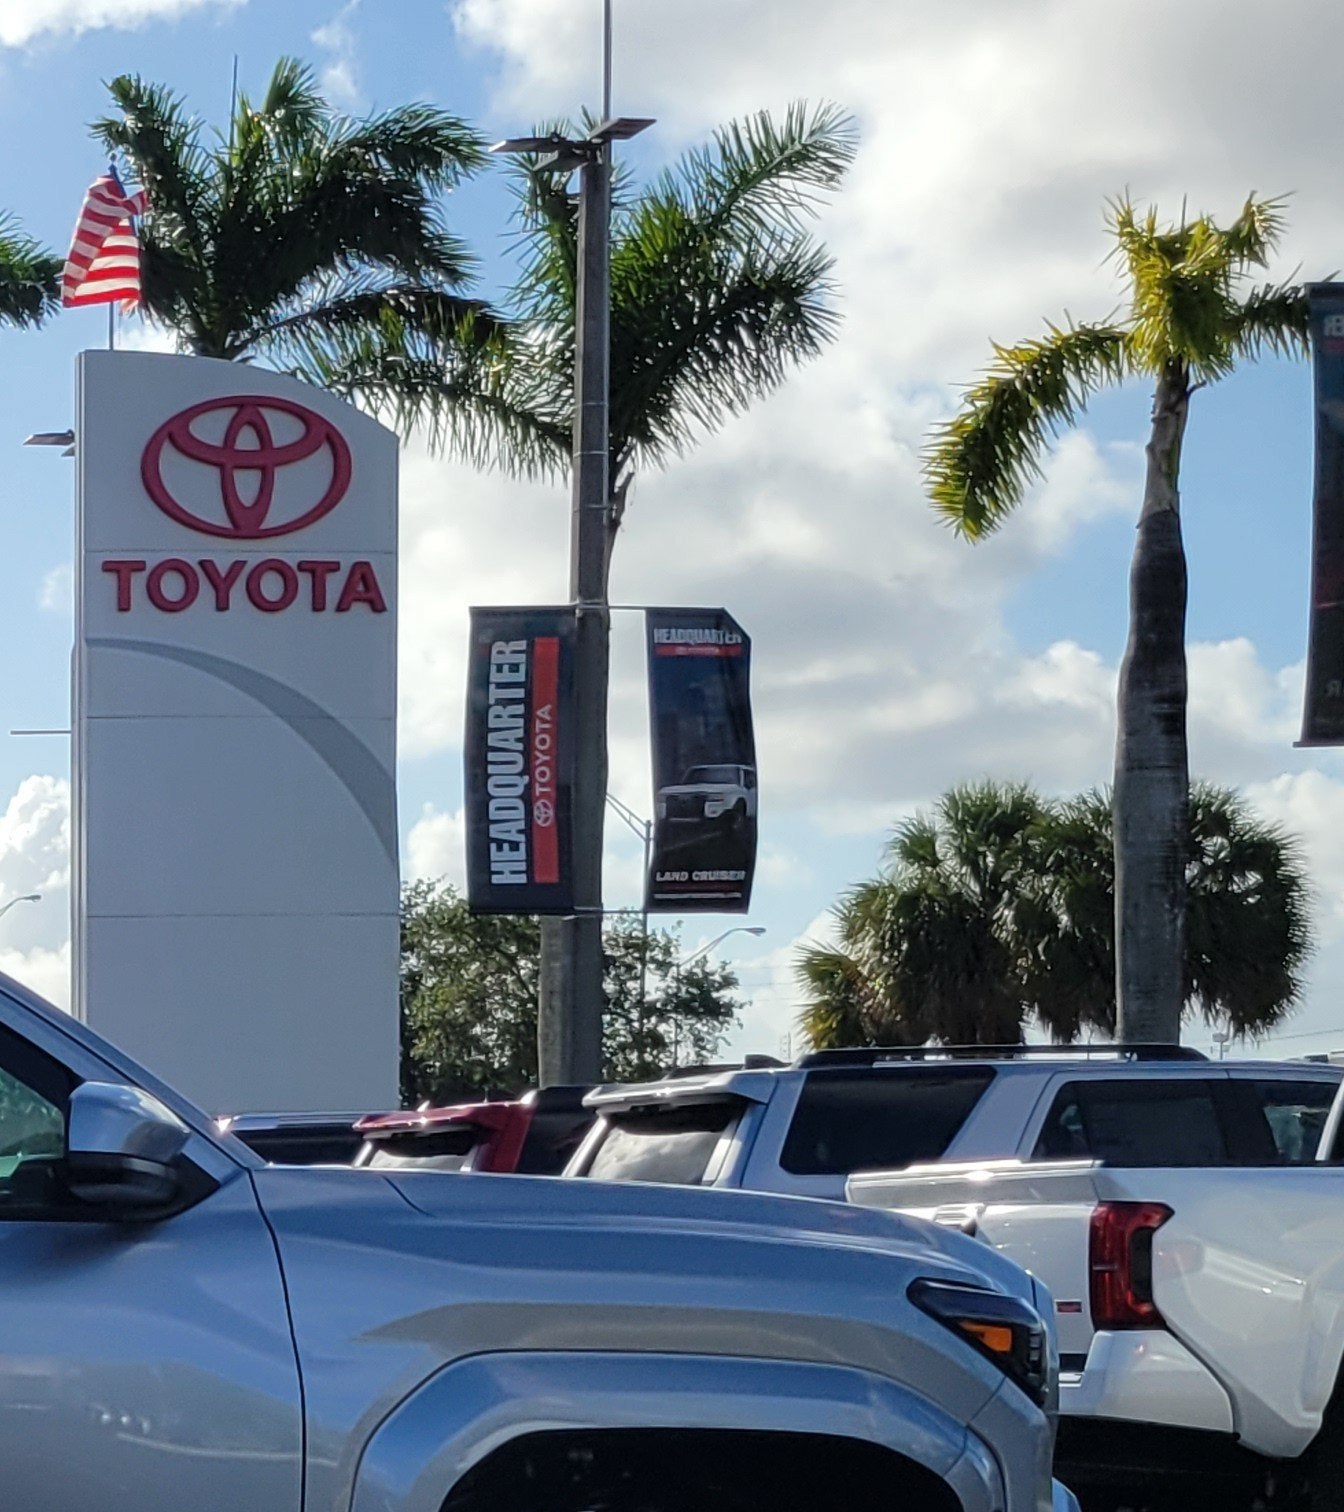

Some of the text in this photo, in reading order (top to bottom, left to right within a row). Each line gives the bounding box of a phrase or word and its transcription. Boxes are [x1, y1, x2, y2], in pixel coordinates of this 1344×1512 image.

[102, 558, 388, 613] TOYOTA
[654, 628, 742, 645] HEADQUARTER
[486, 639, 530, 884] HEADQUARTER
[535, 704, 553, 795] TOYOTA
[656, 871, 689, 882] LAND
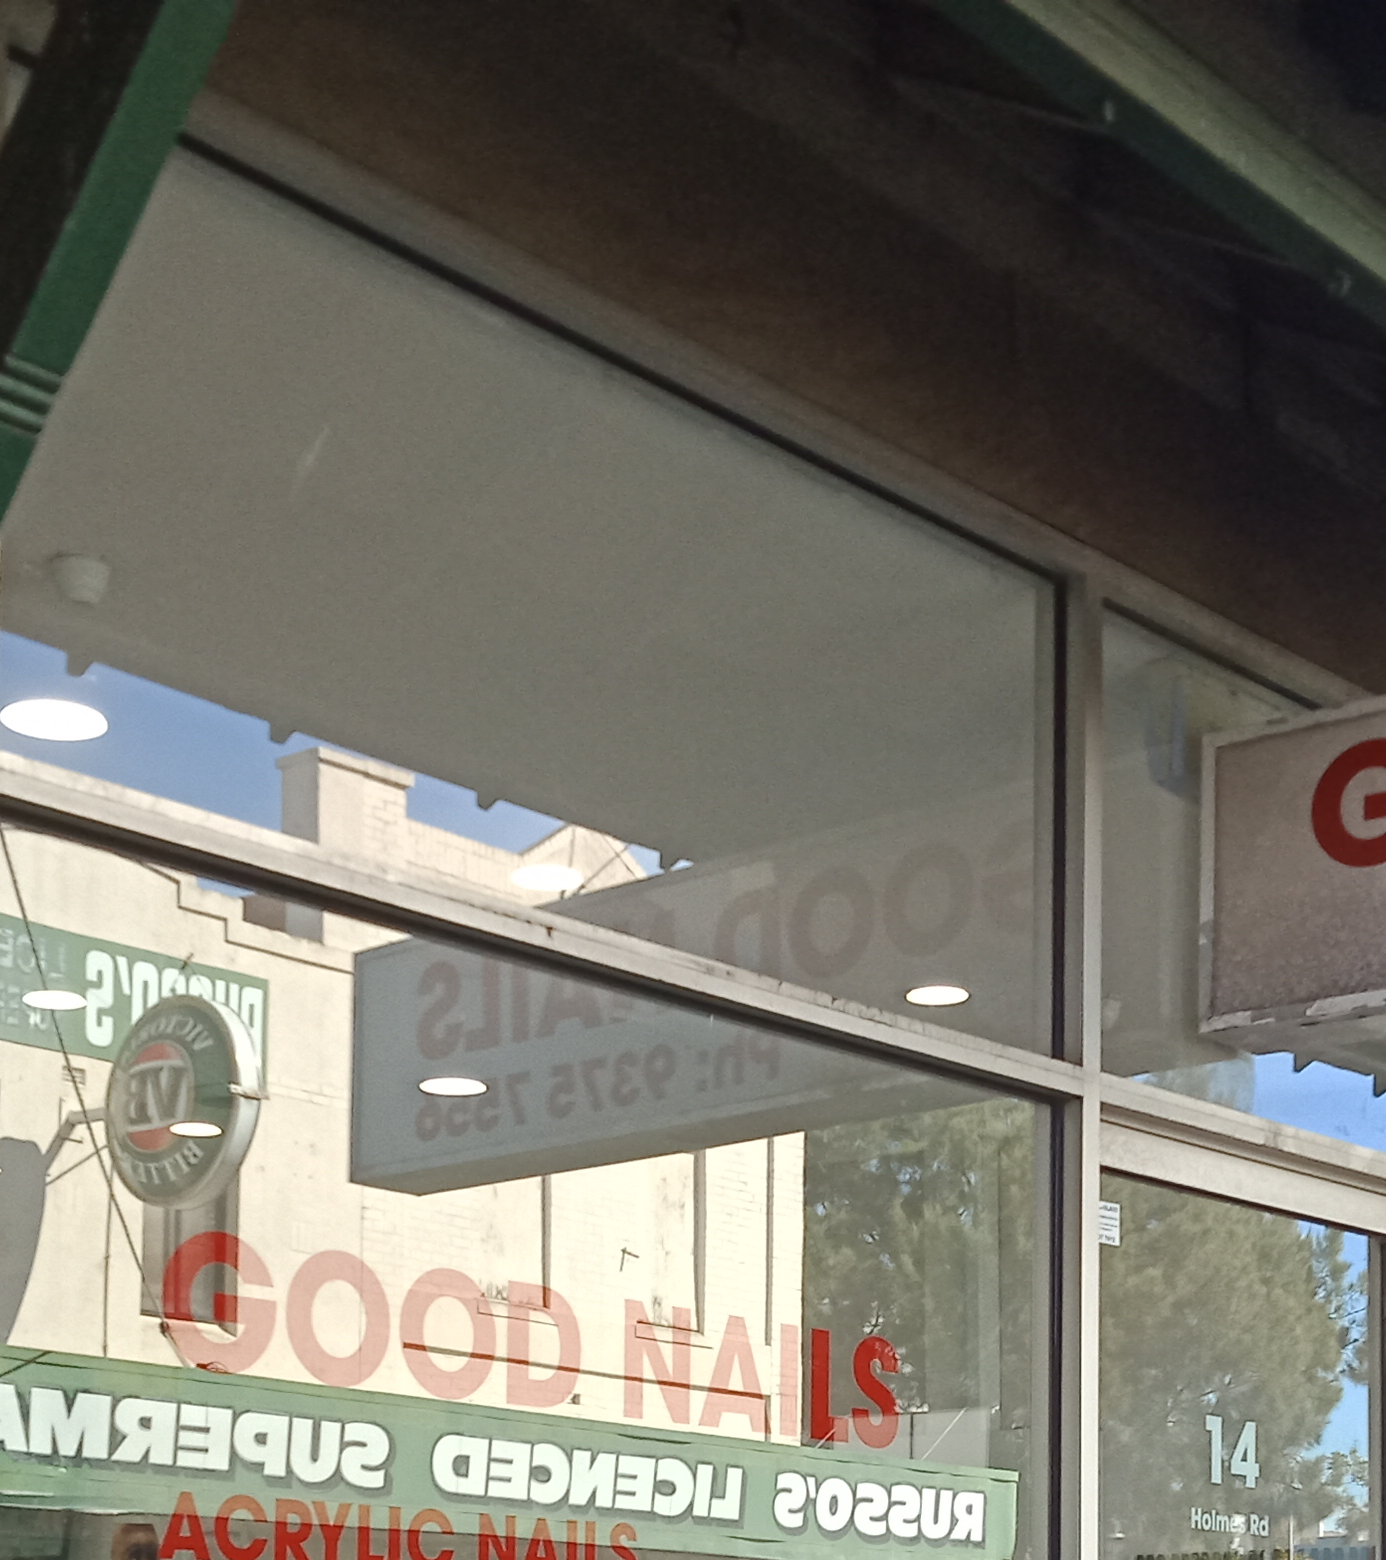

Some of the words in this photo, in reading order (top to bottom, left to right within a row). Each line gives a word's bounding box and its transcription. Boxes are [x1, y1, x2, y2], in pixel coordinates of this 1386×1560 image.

[163, 1230, 581, 1409] GOOD
[621, 1297, 901, 1448] NAILS
[1204, 1414, 1261, 1490] 14
[1190, 1506, 1246, 1535] Holmes
[1249, 1513, 1270, 1538] Rd
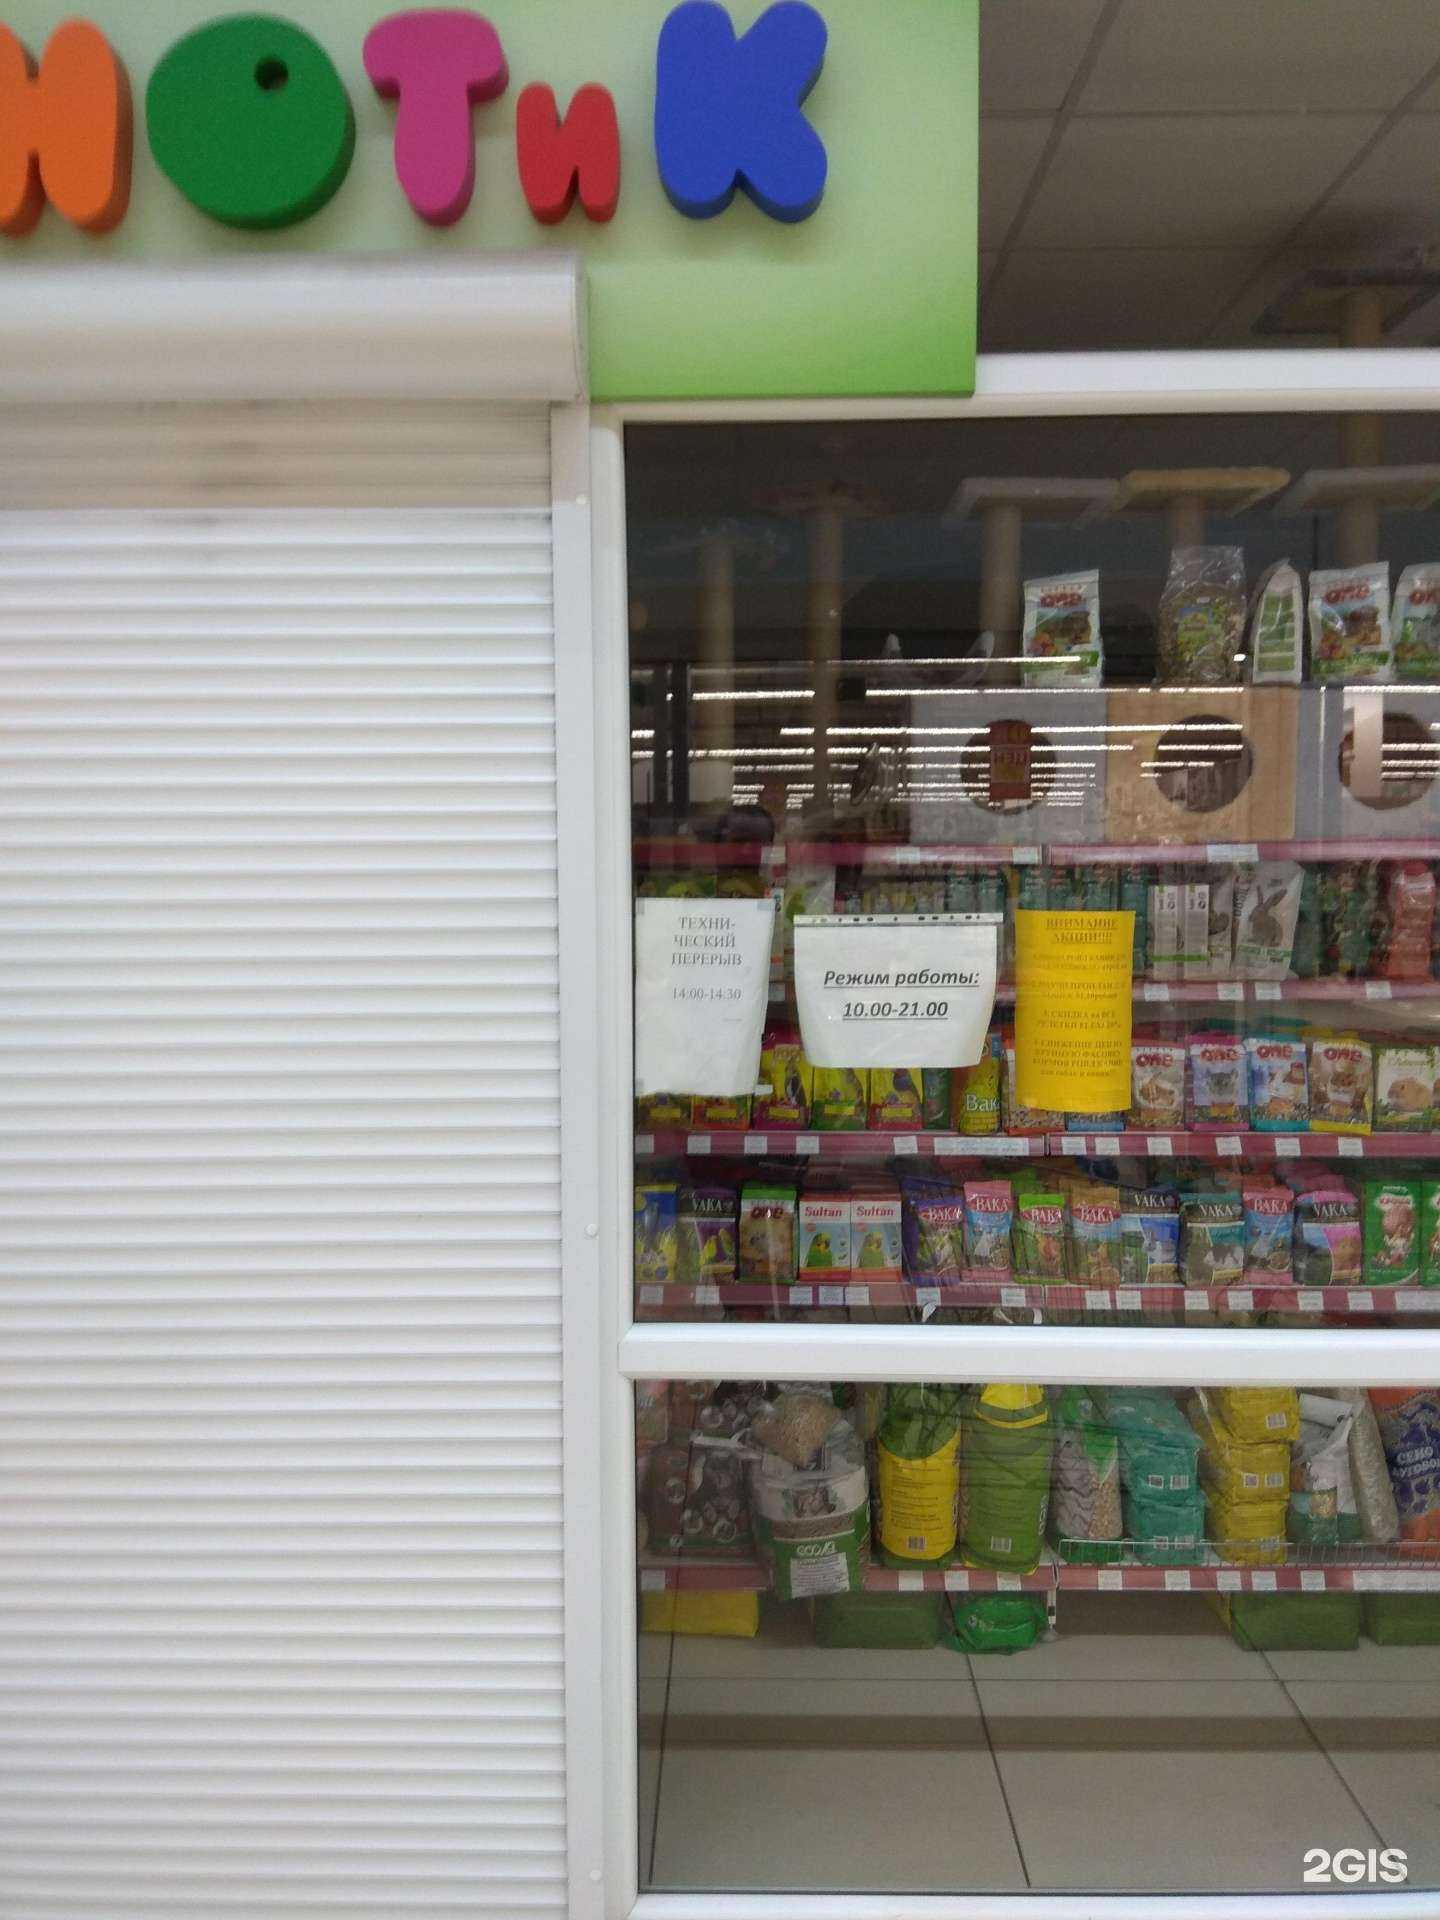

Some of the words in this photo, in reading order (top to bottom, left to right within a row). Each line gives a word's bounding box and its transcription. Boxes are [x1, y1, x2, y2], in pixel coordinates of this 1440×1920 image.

[679, 916, 736, 930] ТЕХНИ-
[673, 931, 736, 948] ЧЕСКИЙ
[671, 952, 742, 966] ПЕРЕРЫВ
[823, 970, 890, 986] Режим
[894, 968, 980, 987] работы:
[672, 987, 742, 1000] 14:00-14:30
[842, 1001, 949, 1018] 10.00-21.00
[1134, 1192, 1166, 1208] VAKA
[805, 1205, 842, 1218] Sultan
[856, 1205, 894, 1217] Sultan
[1200, 1203, 1233, 1217] VAKA
[1313, 1202, 1347, 1217] VAKA
------------------------------------
EXERCISE INSTRUCTIONS → Print, exactly and only, the lines running from the one with "this 1440×1920 image." to the end of the data above.

COMPLETED TASK →
Some of the words in this photo, in reading order (top to bottom, left to right within a row). Each line gives a word's bounding box and its transcription. Boxes are [x1, y1, x2, y2], in pixel coordinates of this 1440×1920 image.

[679, 916, 736, 930] ТЕХНИ-
[673, 931, 736, 948] ЧЕСКИЙ
[671, 952, 742, 966] ПЕРЕРЫВ
[823, 970, 890, 986] Режим
[894, 968, 980, 987] работы:
[672, 987, 742, 1000] 14:00-14:30
[842, 1001, 949, 1018] 10.00-21.00
[1134, 1192, 1166, 1208] VAKA
[805, 1205, 842, 1218] Sultan
[856, 1205, 894, 1217] Sultan
[1200, 1203, 1233, 1217] VAKA
[1313, 1202, 1347, 1217] VAKA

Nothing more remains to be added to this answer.